§ Work item
What follows is a set of records. Retype them exactly, leaving out the pictures.

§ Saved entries
▬▬▬
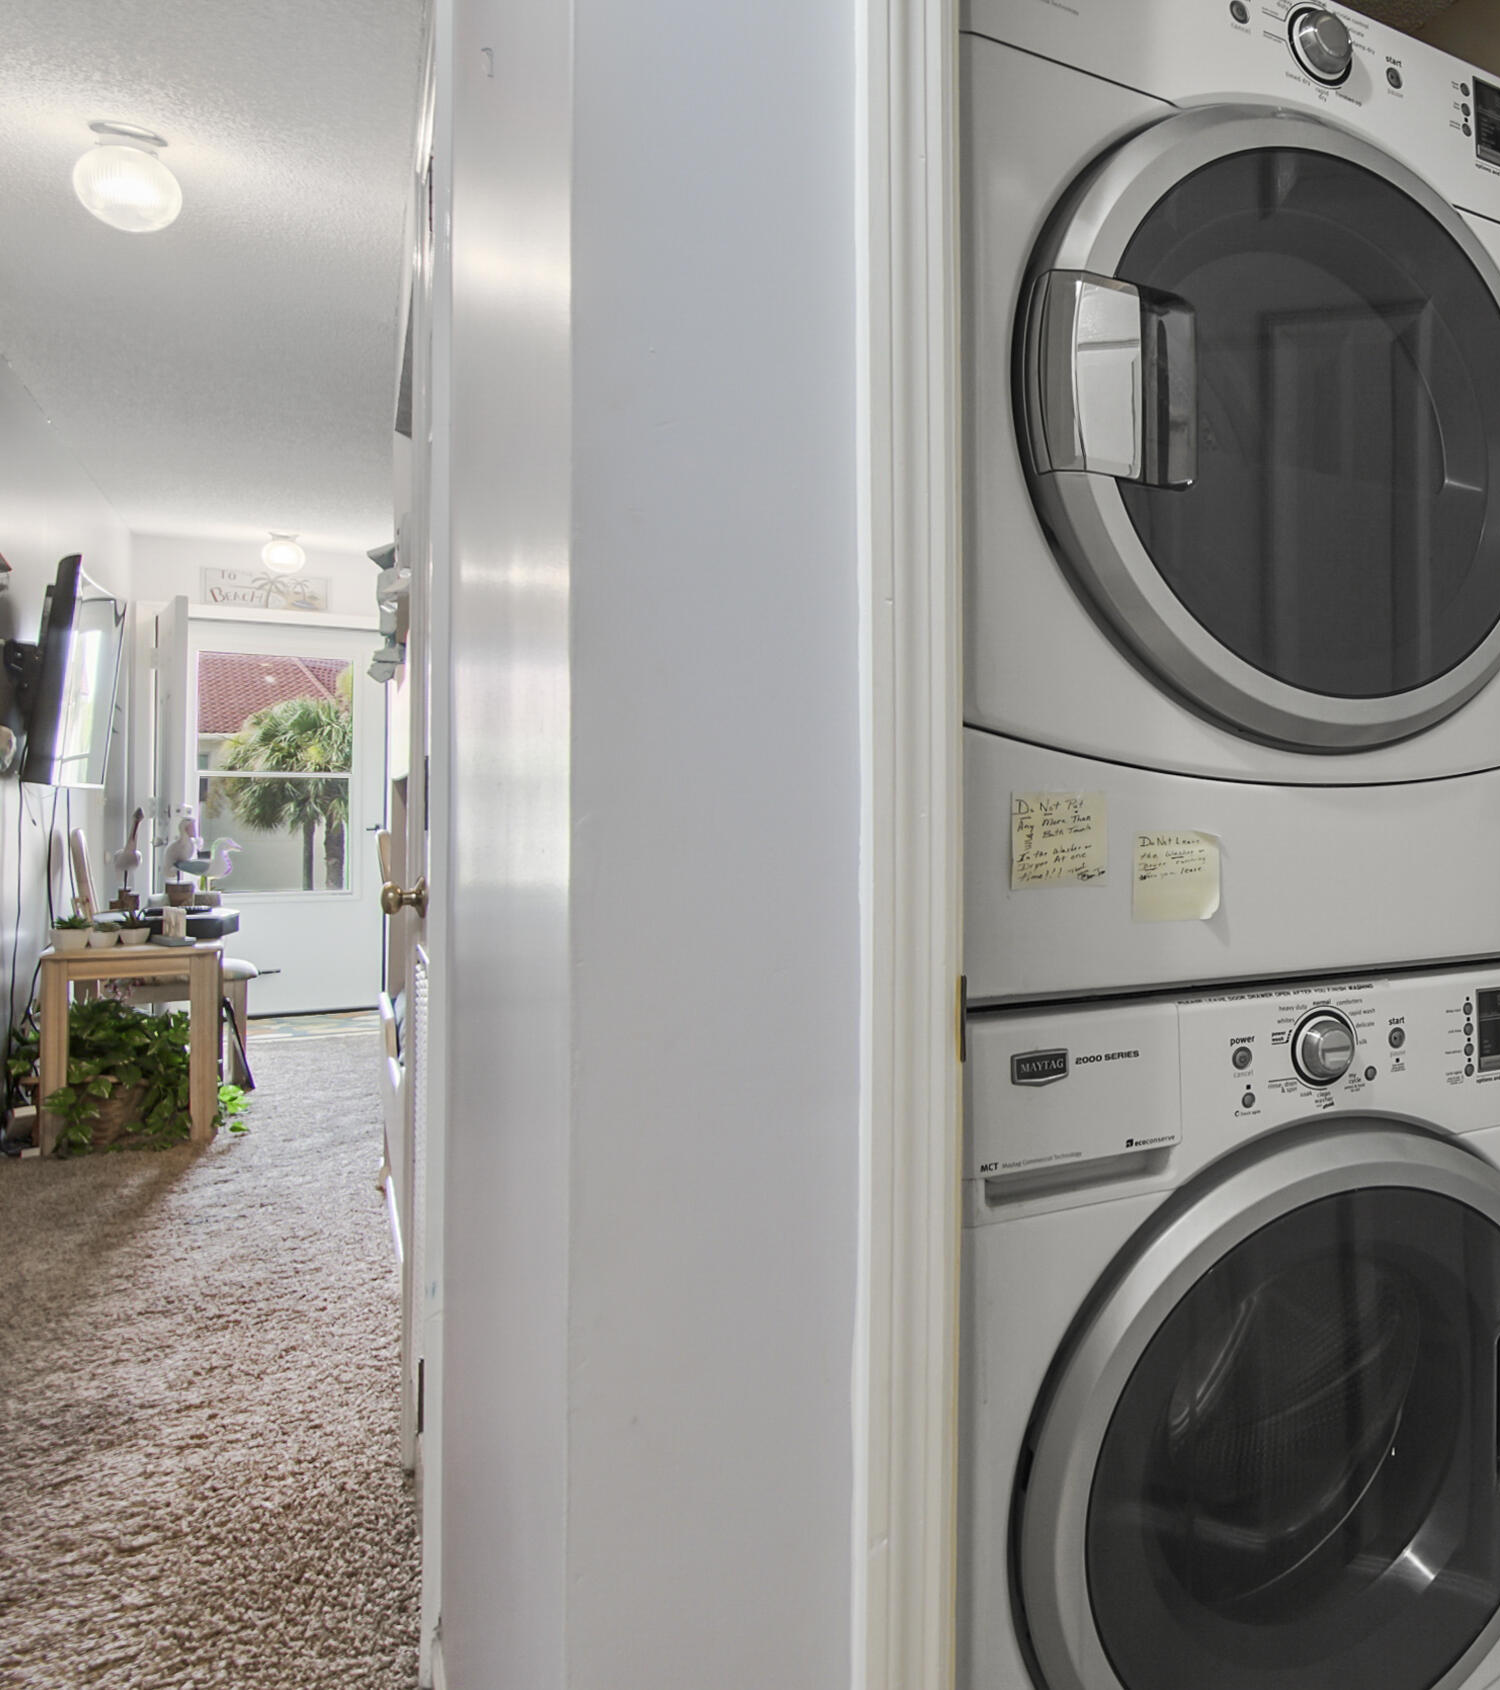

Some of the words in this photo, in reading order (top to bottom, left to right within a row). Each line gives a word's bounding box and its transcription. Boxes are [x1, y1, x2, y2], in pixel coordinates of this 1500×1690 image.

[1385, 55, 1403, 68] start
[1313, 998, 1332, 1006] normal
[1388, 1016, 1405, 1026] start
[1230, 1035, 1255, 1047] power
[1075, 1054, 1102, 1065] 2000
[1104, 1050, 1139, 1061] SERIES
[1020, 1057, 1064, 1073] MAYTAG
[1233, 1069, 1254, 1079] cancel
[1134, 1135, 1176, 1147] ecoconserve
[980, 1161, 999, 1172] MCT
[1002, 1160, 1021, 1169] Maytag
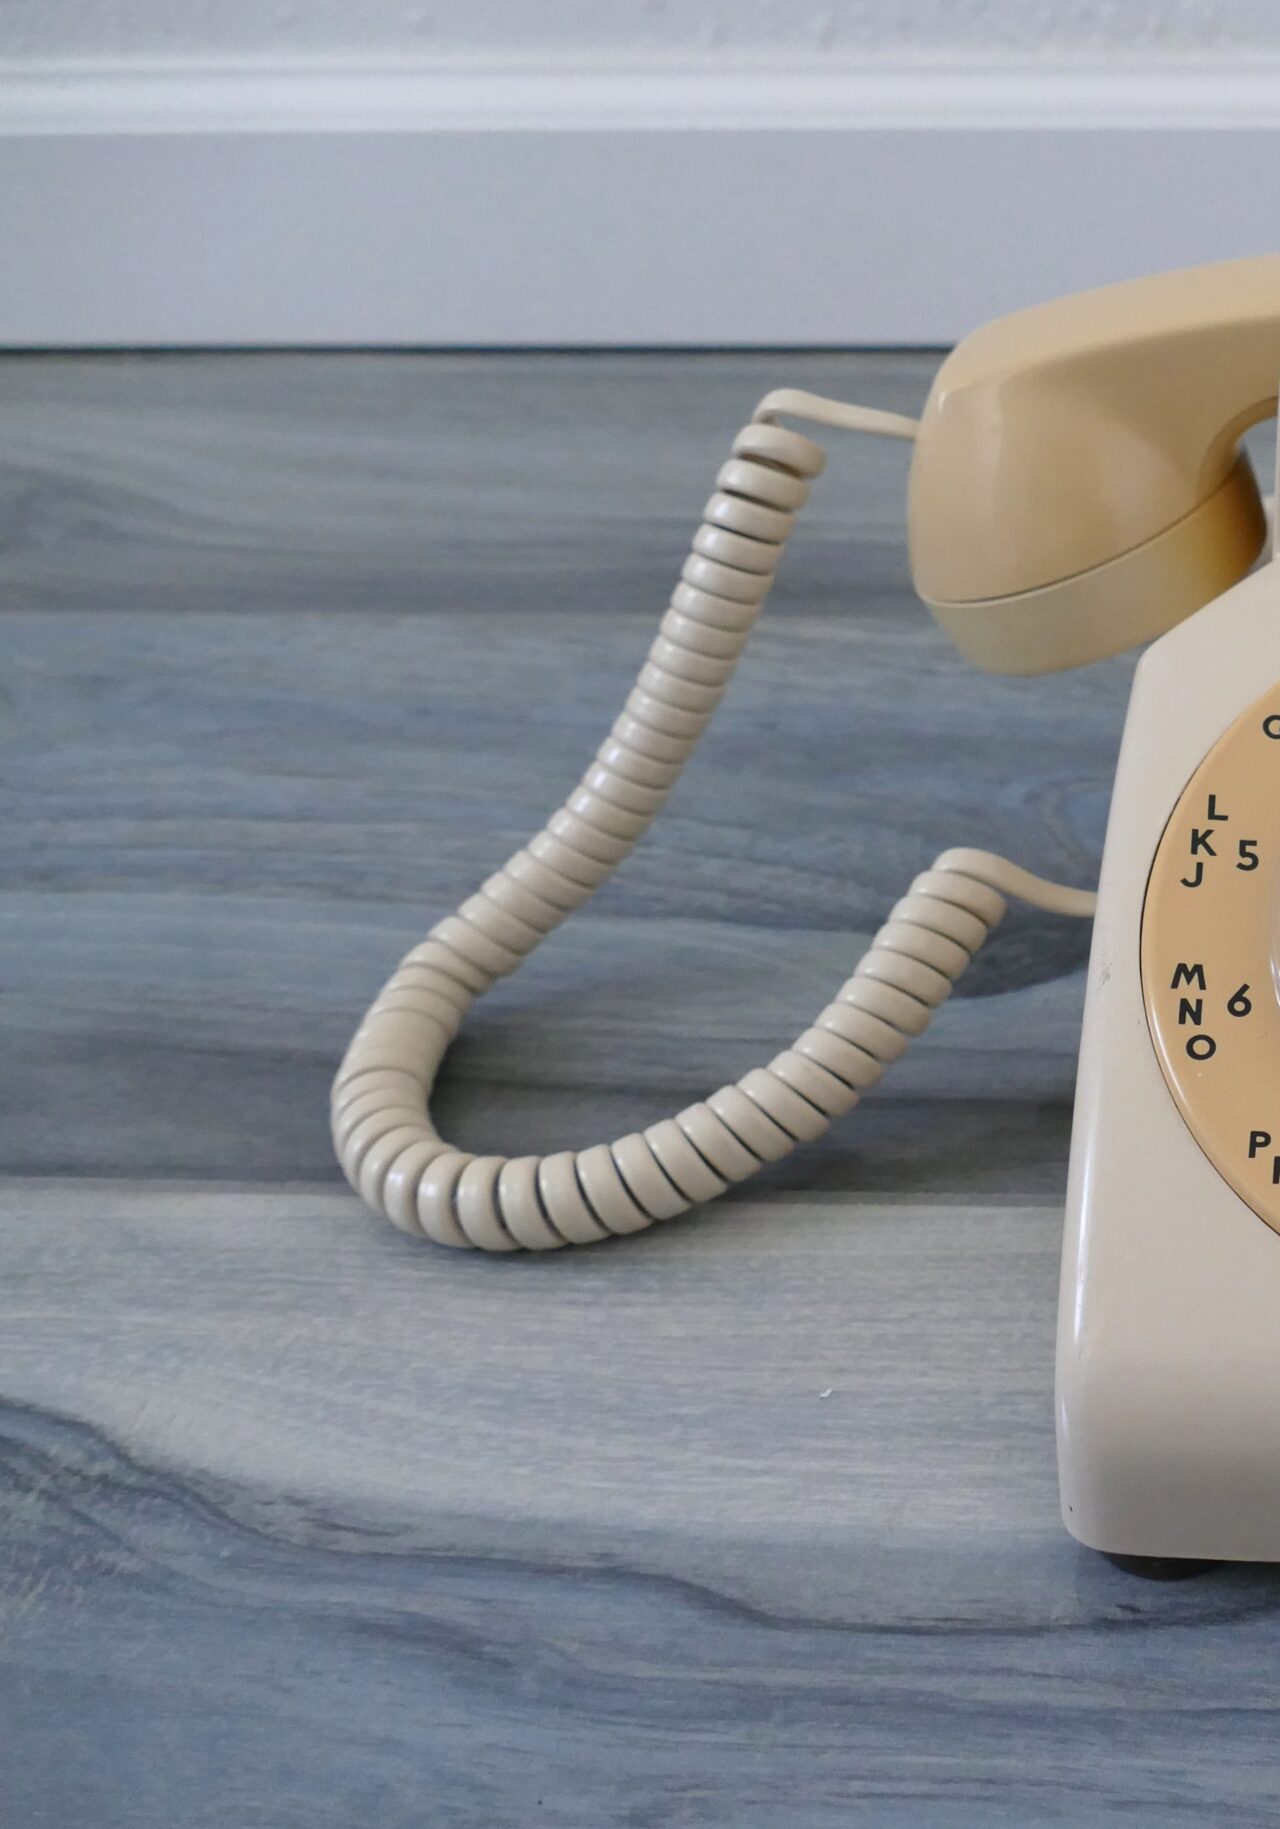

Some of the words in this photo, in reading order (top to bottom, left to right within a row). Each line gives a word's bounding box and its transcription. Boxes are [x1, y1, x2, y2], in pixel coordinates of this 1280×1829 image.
▬▬▬
§ Answer box
Some of the words in this photo, in reading order (top to bottom, left to right within a row). Each line gives a word's bounding box and its transcription. Boxes are [x1, y1, x2, y2], in pixel coordinates of this 1500×1690 image.

[1385, 55, 1403, 68] start
[1313, 998, 1332, 1006] normal
[1388, 1016, 1405, 1026] start
[1230, 1035, 1255, 1047] power
[1075, 1054, 1102, 1065] 2000
[1104, 1050, 1139, 1061] SERIES
[1020, 1057, 1064, 1073] MAYTAG
[1233, 1069, 1254, 1079] cancel
[1134, 1135, 1176, 1147] ecoconserve
[980, 1161, 999, 1172] MCT
[1002, 1160, 1021, 1169] Maytag

Some of the words in this photo, in reading order (top to bottom, left to right within a row). Each line gives a word's bounding box and its transcription. Boxes are [x1, y1, x2, y2], in pixel coordinates of this 1280×1829 image.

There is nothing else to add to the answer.